Таким образом, он одно время исключительно занимался математикою и вот, приехавши однажды в Москву к Лопухину, он заперся в комнату и до поздней ночи сидел над разрешением какой-то математической задачи. Не решив ее, Лермонтов, измученный, заснул. Тогда ему приснился человек, который указал ему искомое решение; проснувшись, он тотчас же написал на доске решение мелом, а углем нарисовал на штукатурной стене комнаты портрет приснившегося ему человека. Когда на другой день Лопухин пришел будить Лермонтова и увидел на стене изображение фантастического лица и рядом исписанную формулами доску, то Лермонтов рассказал ему все вышеприведенное.
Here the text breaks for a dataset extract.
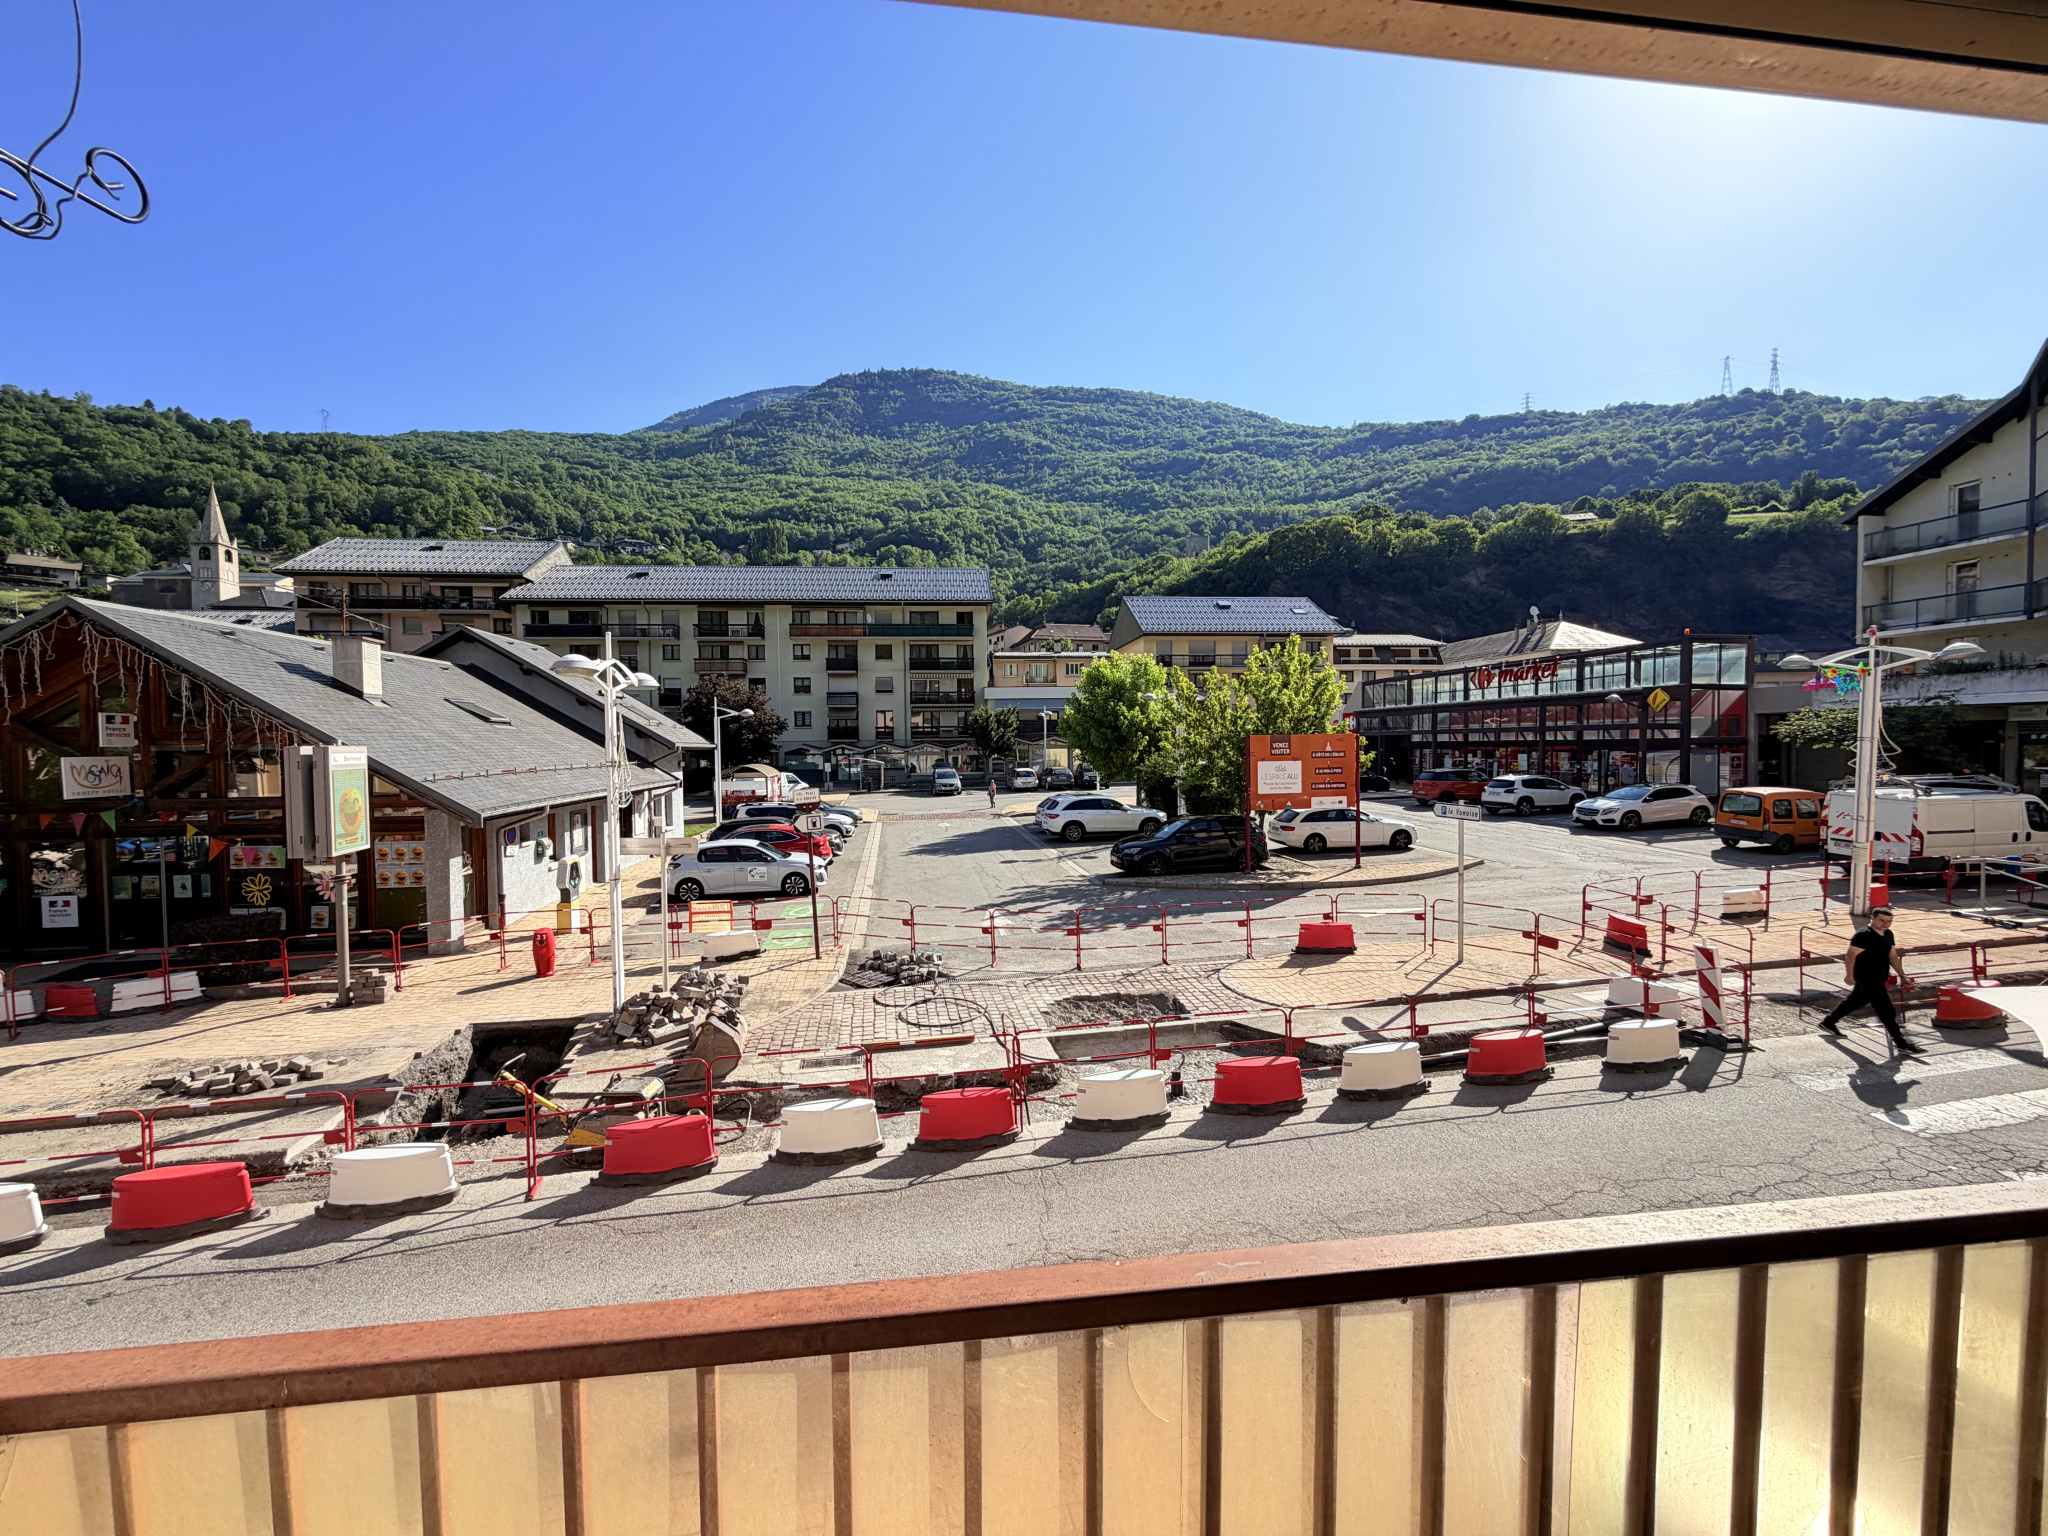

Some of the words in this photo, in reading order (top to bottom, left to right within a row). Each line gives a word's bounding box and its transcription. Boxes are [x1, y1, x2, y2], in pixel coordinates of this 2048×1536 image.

Желая сохранить это на память, Лопухин призвал мастера, который должен был обделать рисунок на стене рамкой и покрыть его стеклом. Но мастер оказался настолько неумелым, что при первом приступе к работе штукатурка с рисунком рассыпалась. Лопухин был в отчаянии, но Лермонтов успокоил его словами: "Ничего, мне эта рожа так врезалась в голову, что я тебе намалюю ее на полотне". Через несколько времени Лермонтов прислал Лопухину писанный масляными красками, в натуральную величину, поясной портрет того самого ученого, в старинном костюме, с фрезой и цепью на шее, который приснился ему для решения математической задачи, которая, к сожалению, не уцелела. Портрет этот хотя и грешит в рисунке и в особенности в колорите, но по экспрессии весьма талантливый и, по заявлению Лопухина, сходство с рисунком, сделанным на стене, вышло поразительное.